A revista publicou nesta semana uma reportagem sobre o suposto envolvimento do deputado Paulo Pereira da Silva (PDT-SP), o Paulinho da Força Sindical, e da agremiação em desvios no BNDES.
Os questionamentos serão feitos por meio de interpelação judicial baseada na Lei de Imprensa. De acordo com o PDT, a publicação tem 48 horas para dar as explicações pedidas pela legenda.
"Estou zelando, como é meu dever, pela imagem do PDT. A interpelação é uma oportunidade para a revista se explicar das acusações levianas contra o partido. Se as explicações não forem convincentes, ingressarei em juízo visando à reparação moral do partido", anunciou Vieira.
Entre as seis perguntas, Vieira da Cunha questiona a afirmação da revista de que "a PF desmontou o esquema da Força Sindical e do PDT no BNDES": "O que a revista Veja quer dizer com a expressão 'esquema' e, em tal 'esquema do BNDES', no que participou, objetivamente, o PDT como instituição partidária?"
A reportagem alega que o PDT tem "um cofre clandestino". A segunda pergunta do deputado é: "Que cofre é esse? Quem é o responsável por ele? Que montante de dinheiro e/ou valores guarda e qual a sua origem? Onde se localiza?"
O terceiro questionamento remete à declaração de Veja de que "já está claro que, hoje, Força e PDT são duas organizações siamesas também no plano financeiro". "Que tipo de relação existe entre o PDT e a Força Sindical no plano financeiro? Que valores foram repassados entre uma e outra organização? De que forma e quando ocorreram tais transferências de recursos?", pergunta Vieira da Cunha.
Ele também questiona a afirmação de que "o PDT, a Força Sindical e o Ministério do Trabalho se converteram numa central única de interesses", e indaga quais são esses interesses, se eles revestem-se de caráter ilícito e porquê.
A Veja alegou na reportagem que Luiz Fernando Emediato é citado como "tesoureiro informal do PDT". Vieira da Cunha quer saber o que a revista quer dizer com a expressão "tesoureiro informal" e "que tipo de atividade ligada às finanças do PDT exerce ou exerceu o Sr. Luiz Fernando Emediato".
Por fim, a revista afirma: "Desde que Paulinho comanda a tomada da sigla pela Força, essa boa imagem se estilhaçou e o PDT começou a freqüentar as páginas policiais.
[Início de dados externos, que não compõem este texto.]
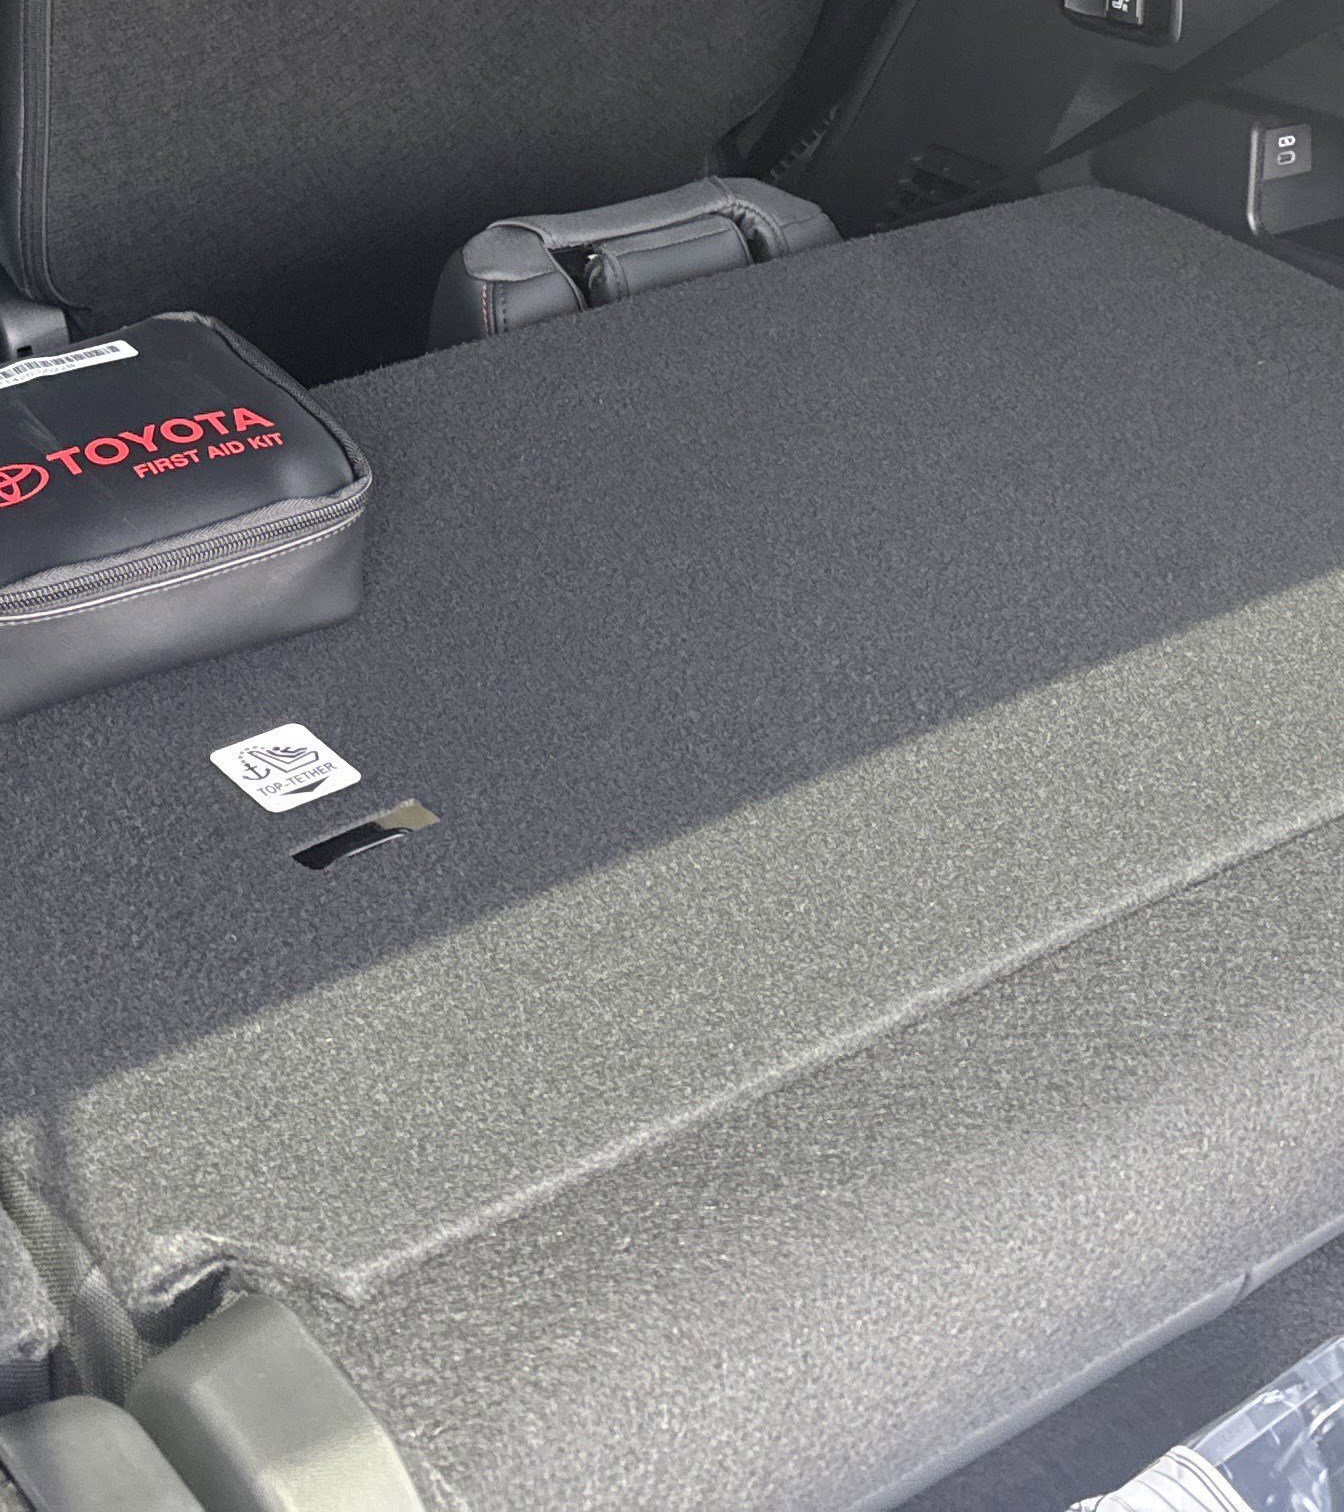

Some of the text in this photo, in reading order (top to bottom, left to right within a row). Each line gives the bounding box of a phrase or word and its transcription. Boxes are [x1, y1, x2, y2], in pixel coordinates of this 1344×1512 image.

Com Paulinho e a Força no leme, o partido agora se vê diretamente envolvido em uma denúncia de corrupção, a de fraudes de empréstimos do BNDES".
O deputado questiona: "de que forma a sigla PDT foi tomada pela Força Sindical? Em que fato se baseia a revista para afirmar que Paulinho e a Força estão 'no leme' do PDT? De que ato concreto de corrupção envolvendo fraudes de empréstimos do BNDES participou o PDT?".